**WHAT YOU WILL DO**
Copy the line with "this 1344×954 image." and all lines following it through the last line of the entries, exactly as written.

**RECORDS**
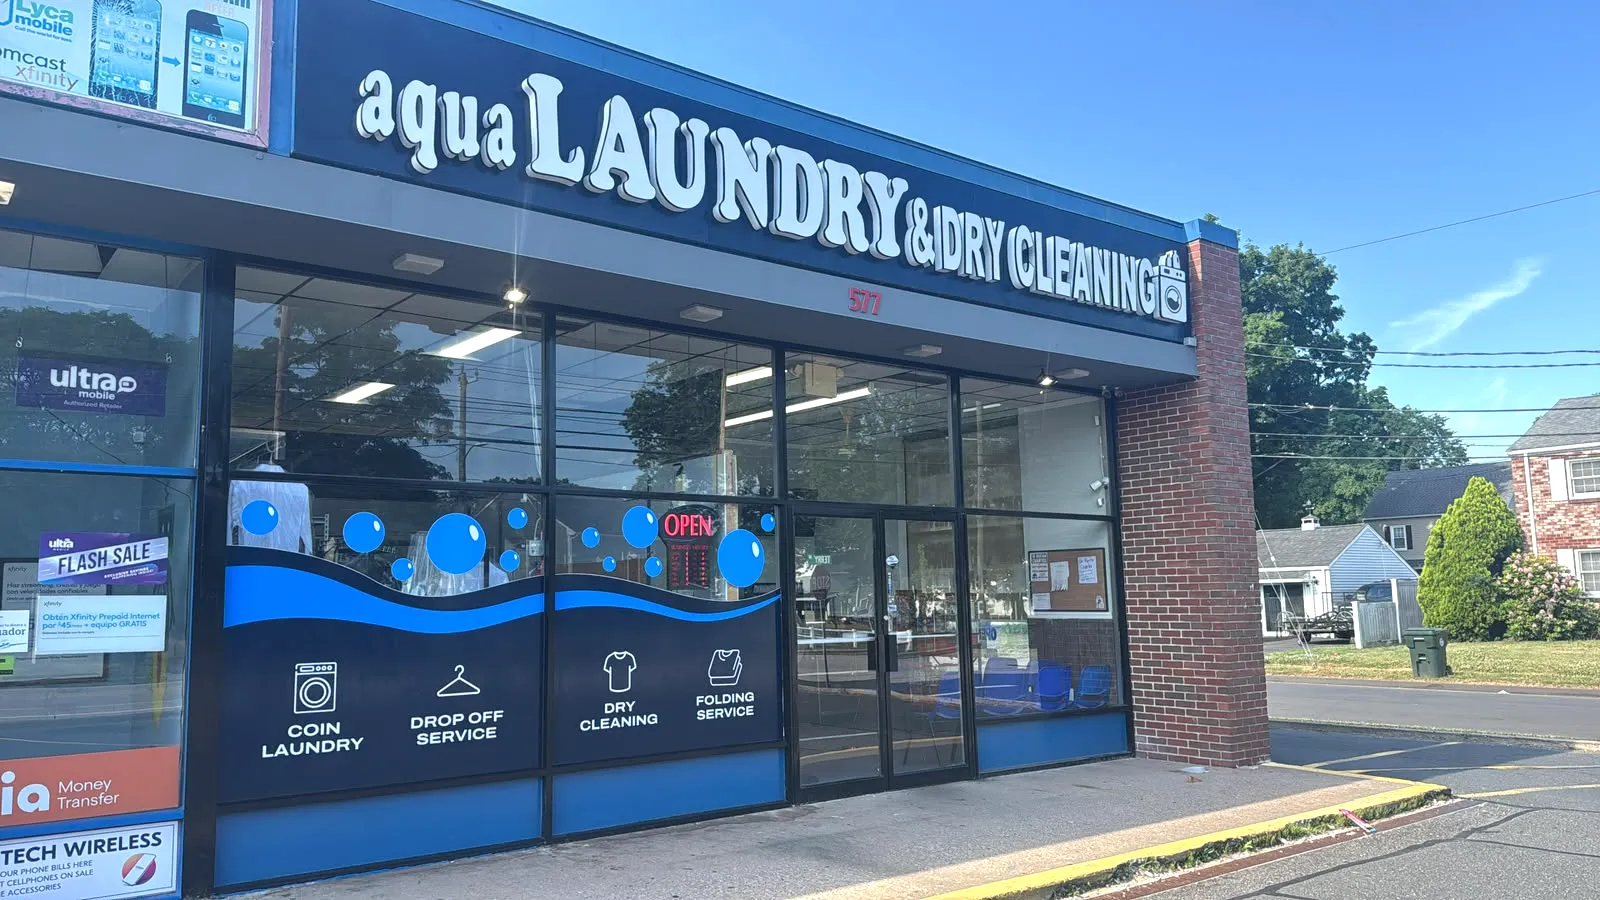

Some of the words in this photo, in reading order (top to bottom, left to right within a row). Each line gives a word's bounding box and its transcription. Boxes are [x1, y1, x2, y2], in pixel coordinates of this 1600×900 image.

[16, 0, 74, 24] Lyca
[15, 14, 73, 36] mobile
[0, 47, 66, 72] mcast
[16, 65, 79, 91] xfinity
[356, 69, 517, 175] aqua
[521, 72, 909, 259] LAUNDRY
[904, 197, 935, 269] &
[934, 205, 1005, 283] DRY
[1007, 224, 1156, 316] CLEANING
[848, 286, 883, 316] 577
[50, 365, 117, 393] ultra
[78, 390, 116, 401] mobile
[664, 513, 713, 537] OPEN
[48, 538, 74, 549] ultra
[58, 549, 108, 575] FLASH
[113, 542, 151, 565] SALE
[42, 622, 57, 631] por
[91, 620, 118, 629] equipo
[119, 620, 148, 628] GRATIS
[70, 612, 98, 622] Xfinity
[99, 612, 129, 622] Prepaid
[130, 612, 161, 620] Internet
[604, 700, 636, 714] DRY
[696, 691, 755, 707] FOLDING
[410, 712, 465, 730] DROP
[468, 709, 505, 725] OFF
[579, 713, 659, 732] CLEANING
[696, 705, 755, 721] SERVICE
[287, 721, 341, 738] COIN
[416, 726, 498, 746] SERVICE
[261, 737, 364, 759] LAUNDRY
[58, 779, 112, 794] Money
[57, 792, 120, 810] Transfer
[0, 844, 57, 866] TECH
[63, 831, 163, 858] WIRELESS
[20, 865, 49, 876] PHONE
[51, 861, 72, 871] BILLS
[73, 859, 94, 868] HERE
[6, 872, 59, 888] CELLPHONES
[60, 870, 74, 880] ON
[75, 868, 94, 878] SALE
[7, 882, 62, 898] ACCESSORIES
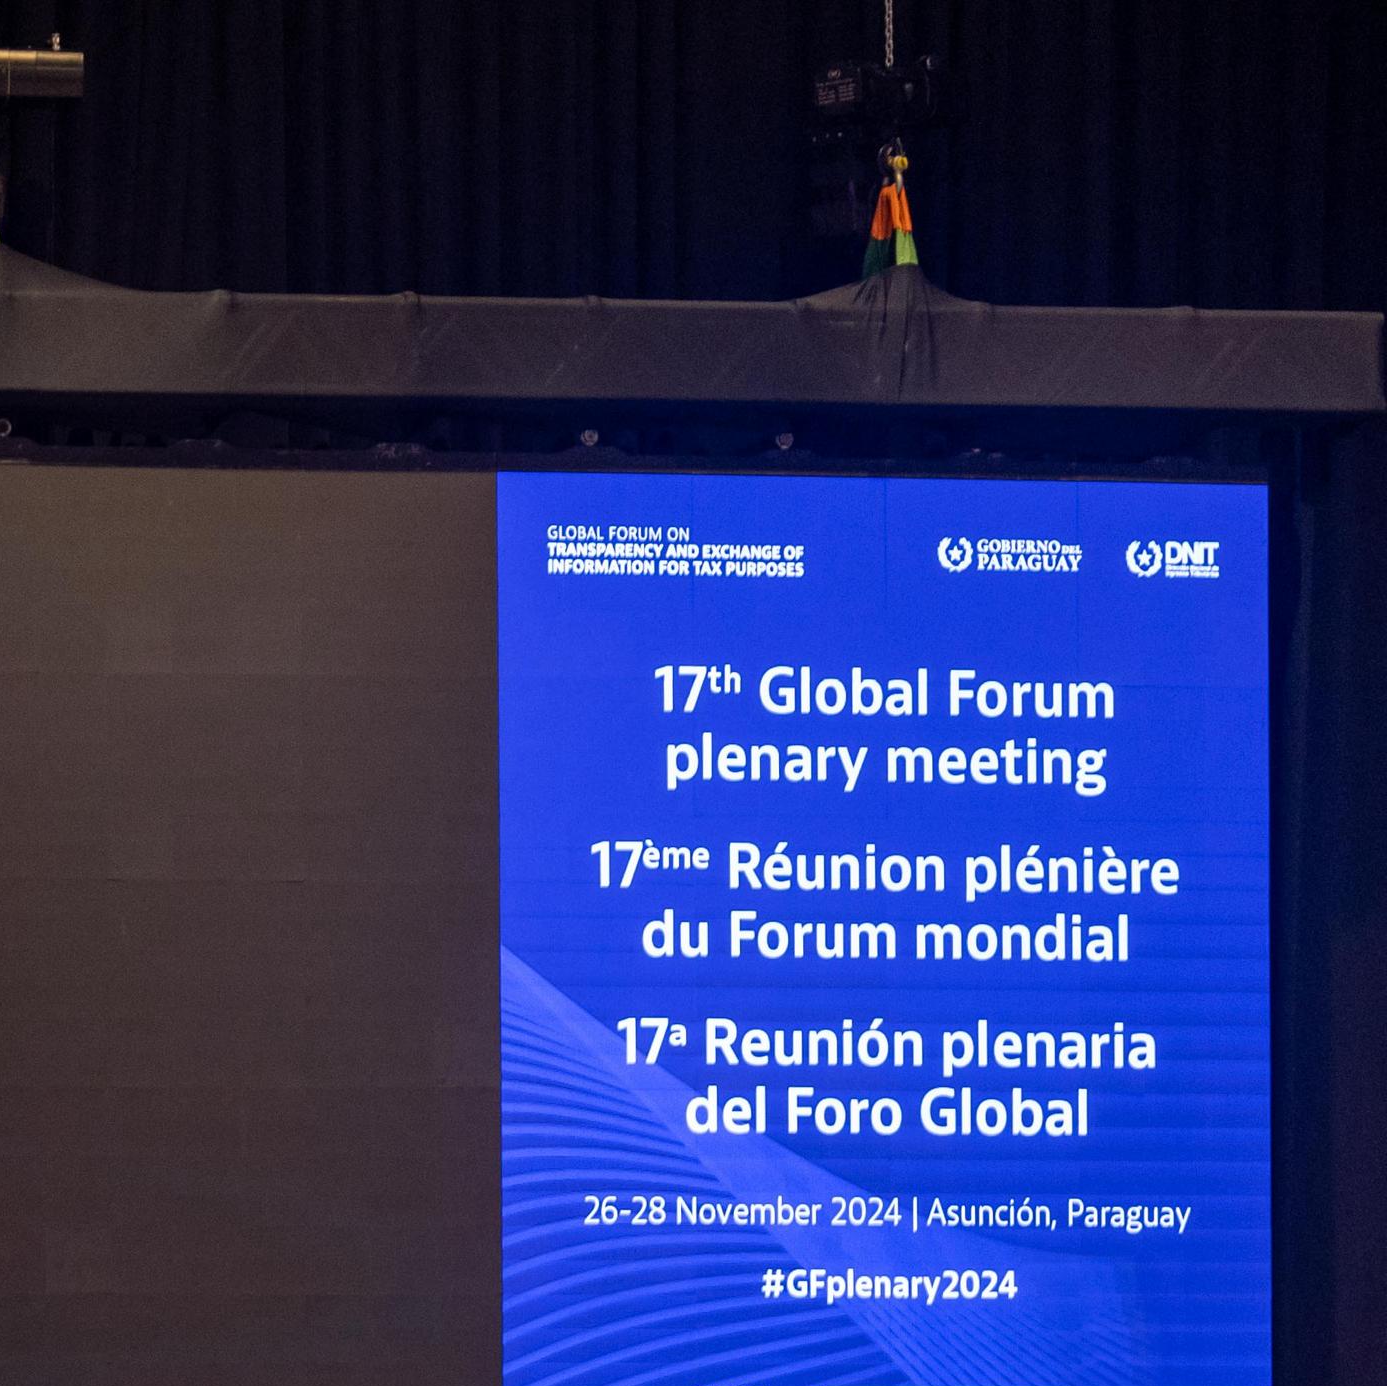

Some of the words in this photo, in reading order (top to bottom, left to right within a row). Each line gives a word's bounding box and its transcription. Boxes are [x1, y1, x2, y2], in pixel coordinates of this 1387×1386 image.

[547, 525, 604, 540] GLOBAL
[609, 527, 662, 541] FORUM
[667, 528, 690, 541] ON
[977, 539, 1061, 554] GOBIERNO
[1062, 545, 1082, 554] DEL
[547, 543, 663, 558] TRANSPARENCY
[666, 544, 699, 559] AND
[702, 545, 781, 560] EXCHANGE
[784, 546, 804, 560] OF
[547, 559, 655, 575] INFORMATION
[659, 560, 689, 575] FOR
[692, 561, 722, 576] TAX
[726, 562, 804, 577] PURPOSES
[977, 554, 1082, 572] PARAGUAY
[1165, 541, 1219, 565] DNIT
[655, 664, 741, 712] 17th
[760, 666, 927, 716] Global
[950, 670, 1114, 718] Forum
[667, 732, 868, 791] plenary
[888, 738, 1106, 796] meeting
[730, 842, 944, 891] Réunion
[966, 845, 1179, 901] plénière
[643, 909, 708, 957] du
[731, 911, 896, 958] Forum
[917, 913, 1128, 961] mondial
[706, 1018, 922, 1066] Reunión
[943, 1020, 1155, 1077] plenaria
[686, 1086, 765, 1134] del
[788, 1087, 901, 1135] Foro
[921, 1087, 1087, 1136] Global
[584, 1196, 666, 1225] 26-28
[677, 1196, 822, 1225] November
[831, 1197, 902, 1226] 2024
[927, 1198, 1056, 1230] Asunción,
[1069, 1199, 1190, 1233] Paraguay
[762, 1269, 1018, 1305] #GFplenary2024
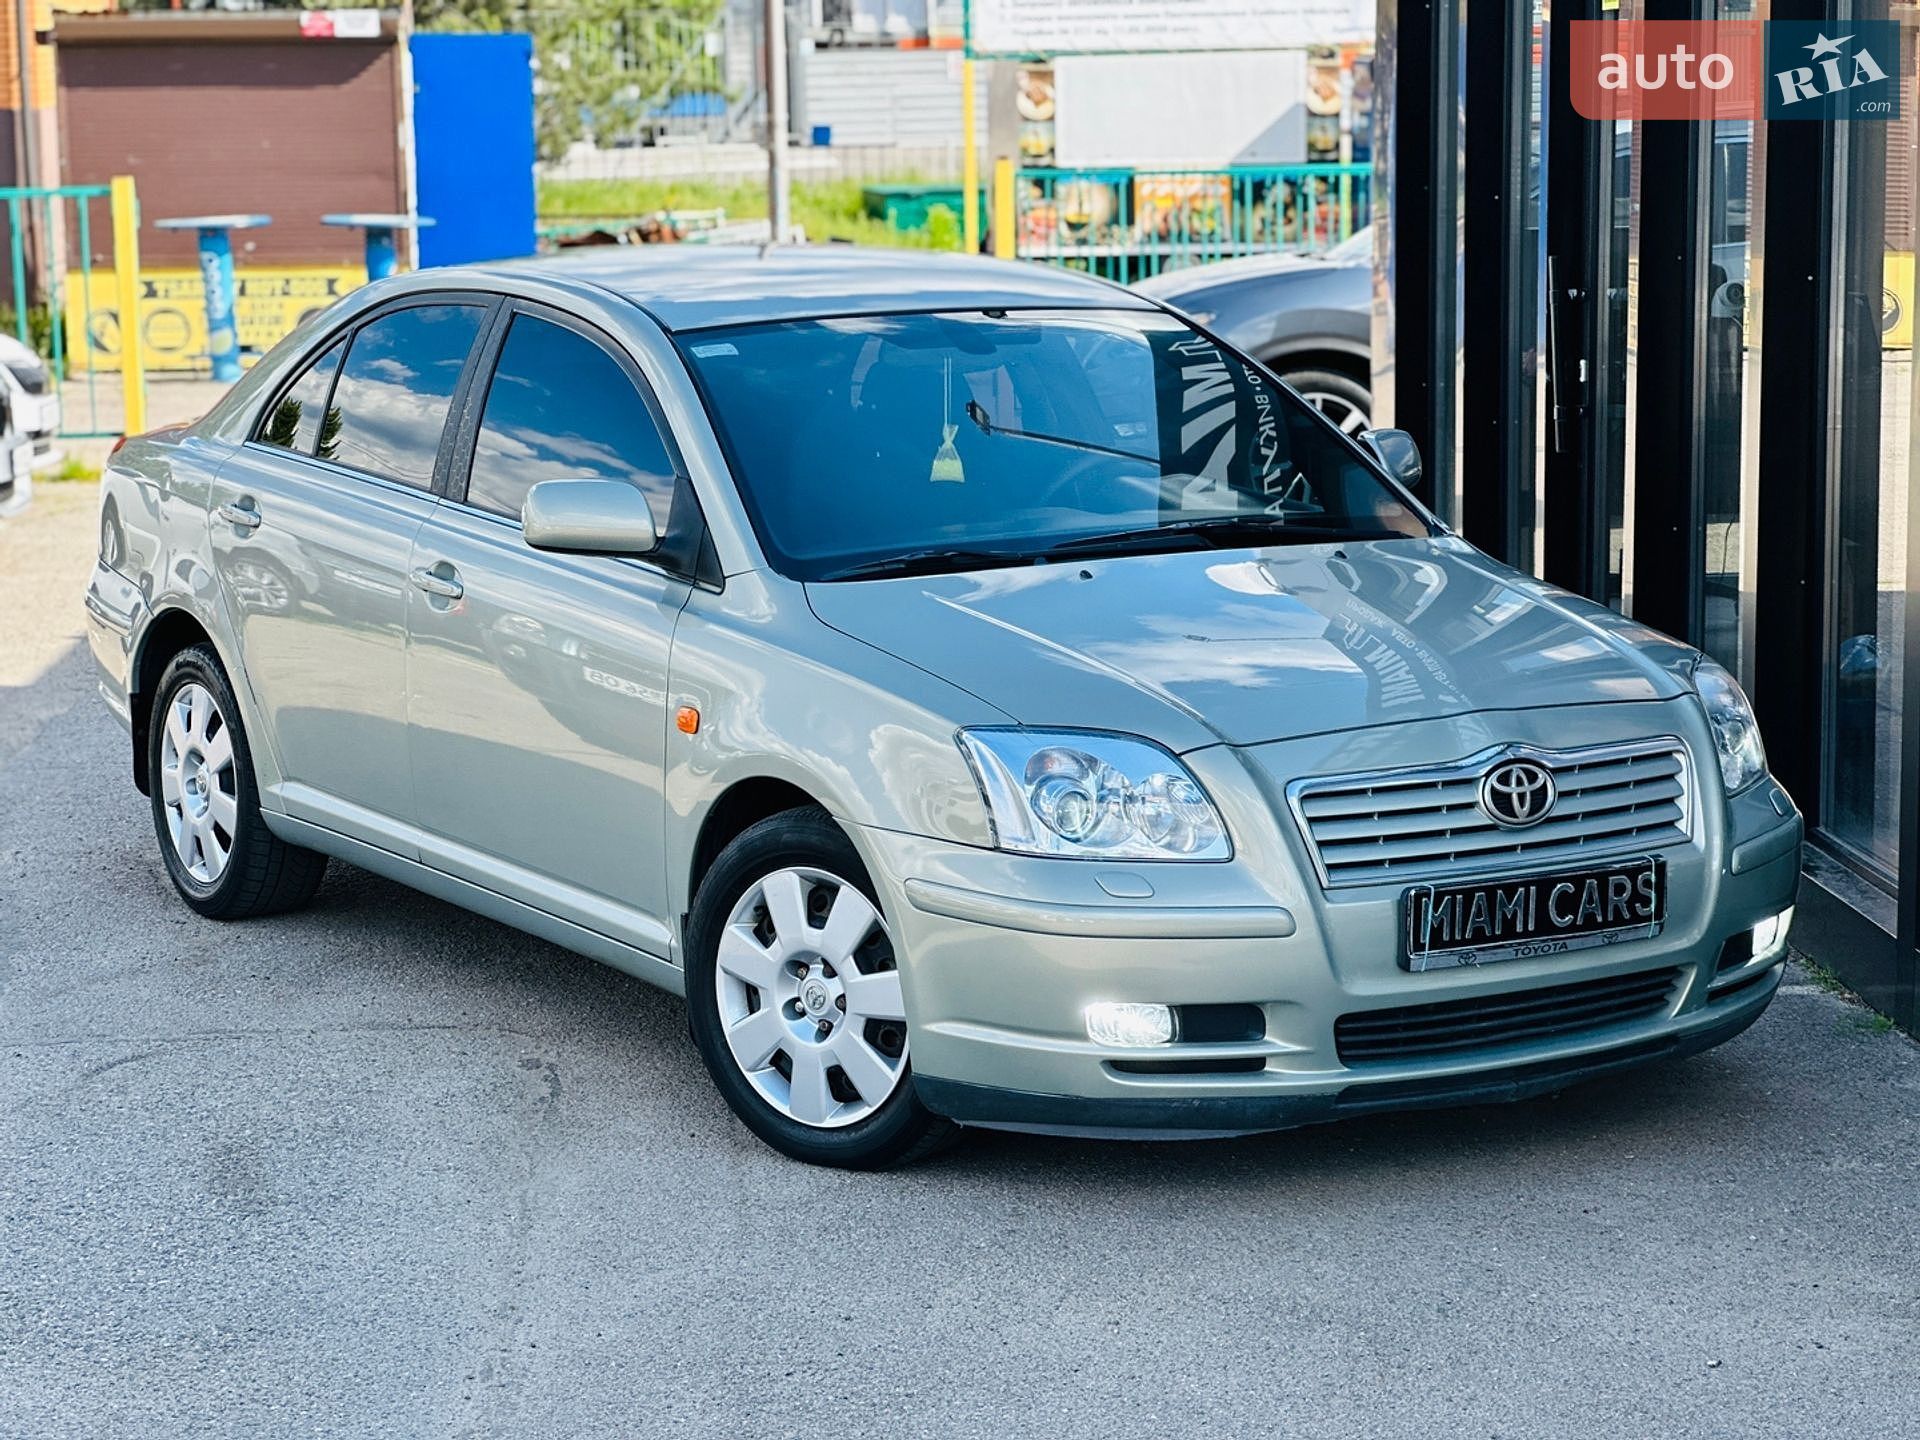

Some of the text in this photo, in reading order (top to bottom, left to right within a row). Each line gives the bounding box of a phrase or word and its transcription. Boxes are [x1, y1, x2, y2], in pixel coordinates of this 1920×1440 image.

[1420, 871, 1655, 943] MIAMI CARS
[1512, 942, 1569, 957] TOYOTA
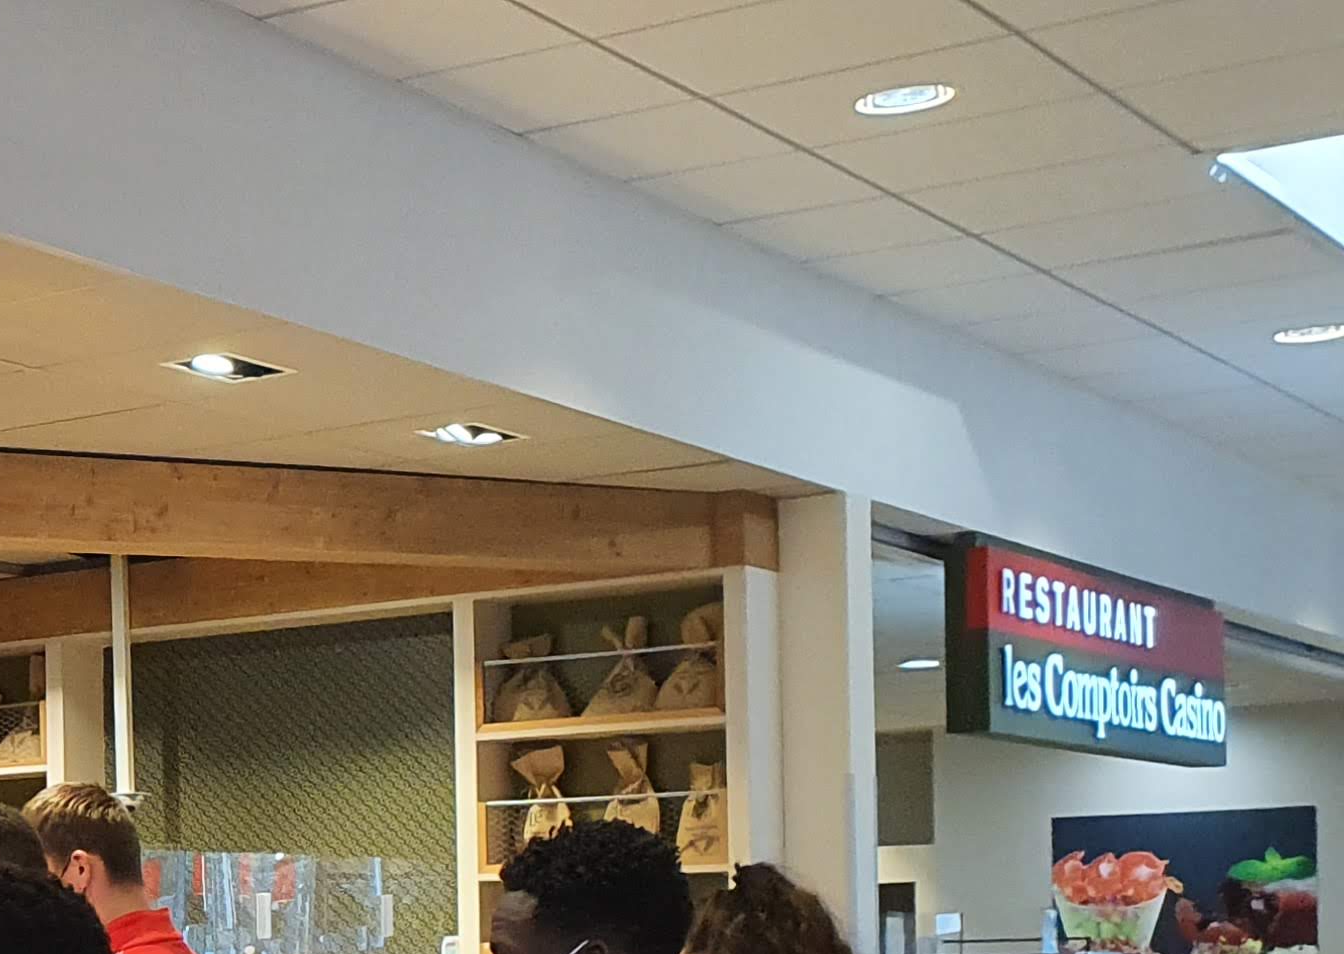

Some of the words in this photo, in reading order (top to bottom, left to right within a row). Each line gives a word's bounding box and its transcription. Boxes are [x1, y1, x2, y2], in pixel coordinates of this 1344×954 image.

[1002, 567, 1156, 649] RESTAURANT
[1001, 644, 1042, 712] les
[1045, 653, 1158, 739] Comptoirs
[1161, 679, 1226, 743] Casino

**ANSWER SPACE**
Some of the words in this photo, in reading order (top to bottom, left to right within a row). Each line gives a word's bounding box and its transcription. Boxes are [x1, y1, x2, y2], in pixel coordinates of this 1344×954 image.

[1002, 567, 1156, 649] RESTAURANT
[1001, 644, 1042, 712] les
[1045, 653, 1158, 739] Comptoirs
[1161, 679, 1226, 743] Casino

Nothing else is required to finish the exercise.